Appropriateness of targets also refers to the effect of the target on students and how targets 
relate to more encompassing goals. Are the targets at the right level of difficulty to motivate 
students? Is there adequate balance with different types of targets? Are the targets consistent 
with teacher overall goals and the goals of the school and district? Are the targets 
comprehensive, covering all major dimensions that you hope to change and need feedback 
about? 

Appropriateness of Assessment Methods 

Teachers have a number of different types of assessment methods at their disposal. Choosing 
the right ones depends on the strengths and weaknesses of the methods as well as the nature of 
the learning targets. That is, particular methods are more likely to provide quality assessments 
for certain types of targets. Once learning targets have been identified, they need to be matched 
with methods. 

Figure 2 shows a matrix that summarizes the relative strengths of different methods in 
measuring different targets. Notice that for some targets several methods may be used. This is 
good in that it provides more flexibility in the assessments you use, but it also means there is no 
simple formula or "correct" method. 

Figure 2 here 

This matrix has been prepared to provide general guidelines about how well particular 
assessment methods measure each type of target. Variations to what is presented in the figure 
should be expected. 




3 

Validity 

Validity refers to the appropriateness of the inferences, uses, and consequences that result 
from the assessment. In other words, is the interpretation that is made from a test reasonable? Is 
the information gathered the right kind of evidence for the decision I need to make or the 
intended use? How sound is the interpretation of the information? Validity has to do with the 
consequences of the inferences, not the assessment itself. Thus, it is an inference or use that is 
valid or invalid, not the test, instrument, or procedure that is used to gather information. Often 
we use the phrase, "validity of the test," but it is more accurate to say "the validity of the 
interpretation, inference, or use of the results." 

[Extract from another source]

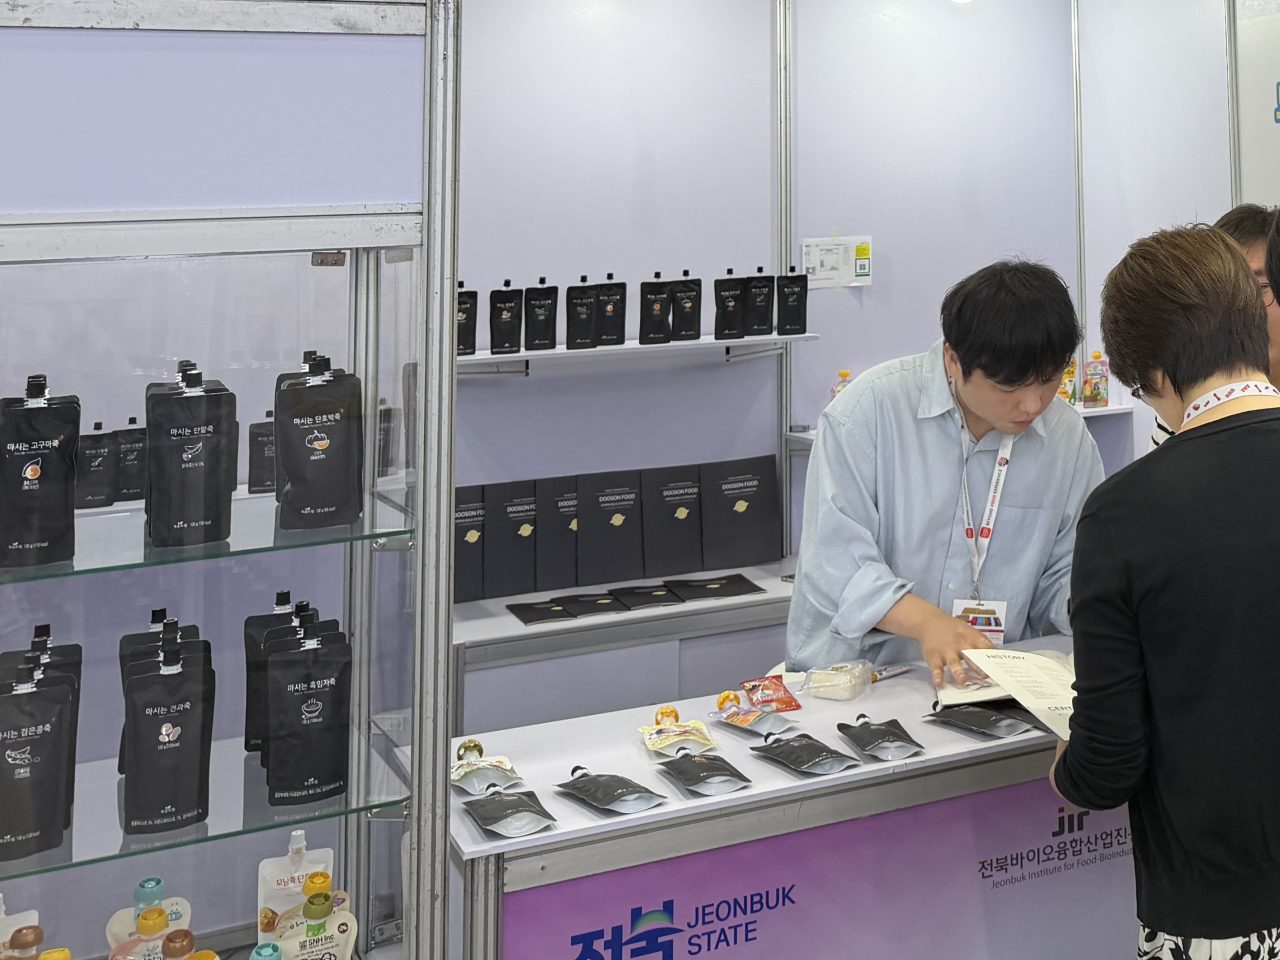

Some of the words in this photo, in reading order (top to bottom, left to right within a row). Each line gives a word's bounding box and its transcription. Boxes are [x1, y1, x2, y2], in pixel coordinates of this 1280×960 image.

Validity in classroom assessment is determined by professional judgment. An analysis is 
done by accumulating evidence that would suggest that an inference or use is appropriate, and 
whether the consequences of the interpretations and uses are reasonable and fair. The most 
important evidence teachers draw upon to make inferences is based on the content of the 
assessment. Because it would not be feasible to assess students on everything they have learned, 
teachers typically select a sample of what has been taught to assess, and use student achievement 
on this sample to make inferences about knowledge of the entire universe or domain of content, 
reasoning, and other objectives. If the sample is judged to be representative of the universe or 
domain, then evidence based on content for validity is demonstrated. The inference from the test 
is that the student demonstrates knowledge about the unit. 

Adequate sampling of content, determined by professional judgment, can be haphazard or very 
systematic. If there is a superficial review of the target, objectives, and test, validity is based 
only on appearance. (In the past this was sometimes referred to as face validity.) Once the 
complete domain of content and objectives is specified, the items on the test can be reviewed to 
be certain that there is a match between the intended inferences and what is on the test. 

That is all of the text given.